Exercise instructions » Drop every picture, then print the rest of the listing exactly as given.
[Start of Attachment]
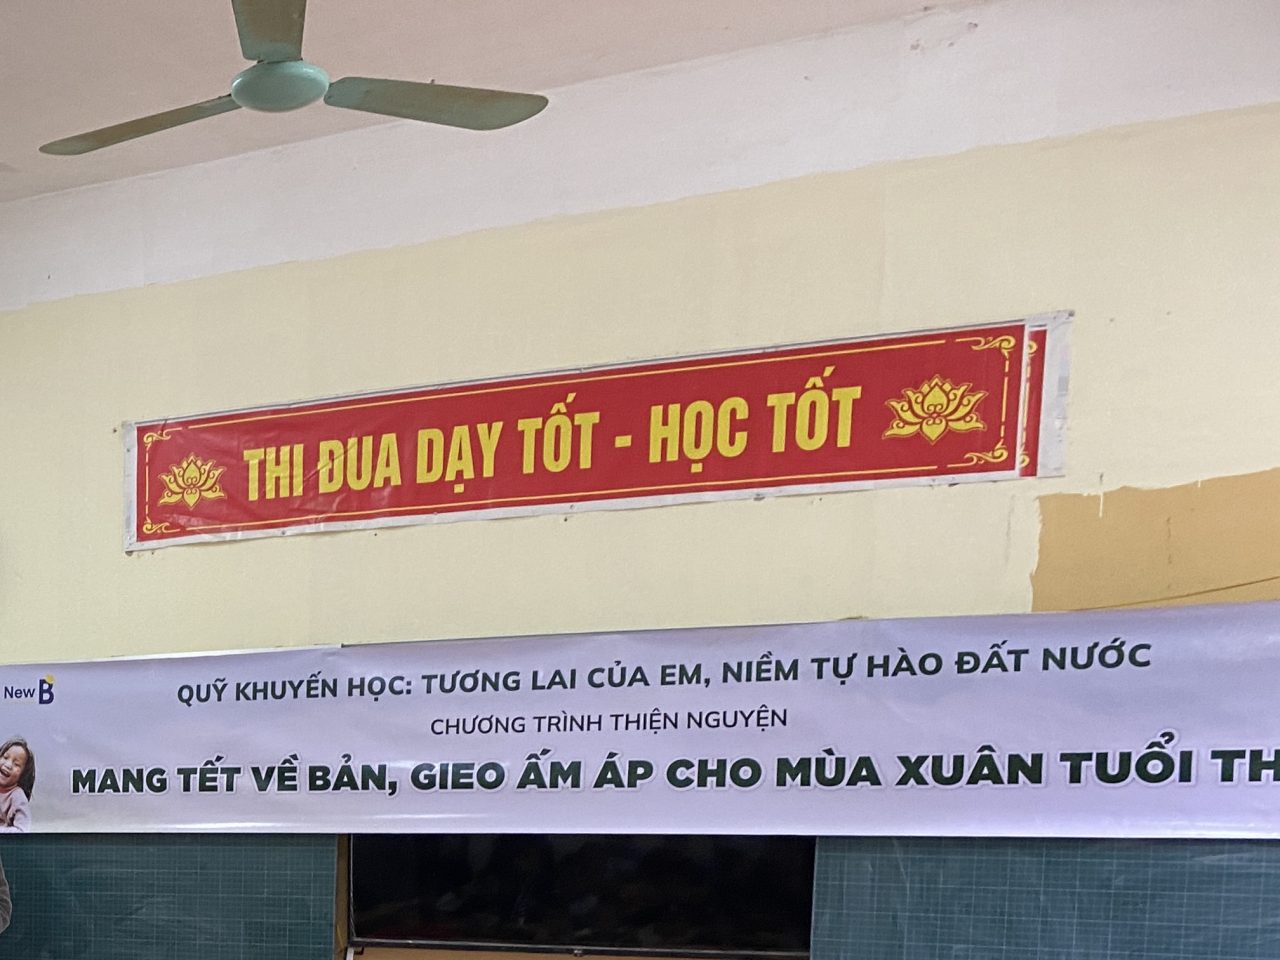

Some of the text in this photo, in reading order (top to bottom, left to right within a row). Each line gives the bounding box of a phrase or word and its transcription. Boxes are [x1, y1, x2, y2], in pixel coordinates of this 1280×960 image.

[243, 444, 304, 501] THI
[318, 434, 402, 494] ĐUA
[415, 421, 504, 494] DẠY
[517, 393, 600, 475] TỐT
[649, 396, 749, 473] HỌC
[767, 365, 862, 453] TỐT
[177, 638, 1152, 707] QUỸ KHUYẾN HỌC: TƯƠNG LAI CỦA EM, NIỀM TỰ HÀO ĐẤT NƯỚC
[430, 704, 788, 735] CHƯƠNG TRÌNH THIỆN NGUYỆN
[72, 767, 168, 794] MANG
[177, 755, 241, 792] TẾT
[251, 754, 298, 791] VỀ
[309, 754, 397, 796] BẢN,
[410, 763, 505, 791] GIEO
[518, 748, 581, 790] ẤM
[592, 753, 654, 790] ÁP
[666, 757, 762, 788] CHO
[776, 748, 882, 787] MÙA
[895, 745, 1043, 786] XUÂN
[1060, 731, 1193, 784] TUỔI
[End of Attachment]
Task output »
Some of the text in this photo, in reading order (top to bottom, left to right within a row). Each line gives the bounding box of a phrase or word and its transcription. Boxes are [x1, y1, x2, y2], in pixel coordinates of this 1280×960 image.

[243, 444, 304, 501] THI
[318, 434, 402, 494] ĐUA
[415, 421, 504, 494] DẠY
[517, 393, 600, 475] TỐT
[649, 396, 749, 473] HỌC
[767, 365, 862, 453] TỐT
[177, 638, 1152, 707] QUỸ KHUYẾN HỌC: TƯƠNG LAI CỦA EM, NIỀM TỰ HÀO ĐẤT NƯỚC
[430, 704, 788, 735] CHƯƠNG TRÌNH THIỆN NGUYỆN
[72, 767, 168, 794] MANG
[177, 755, 241, 792] TẾT
[251, 754, 298, 791] VỀ
[309, 754, 397, 796] BẢN,
[410, 763, 505, 791] GIEO
[518, 748, 581, 790] ẤM
[592, 753, 654, 790] ÁP
[666, 757, 762, 788] CHO
[776, 748, 882, 787] MÙA
[895, 745, 1043, 786] XUÂN
[1060, 731, 1193, 784] TUỔI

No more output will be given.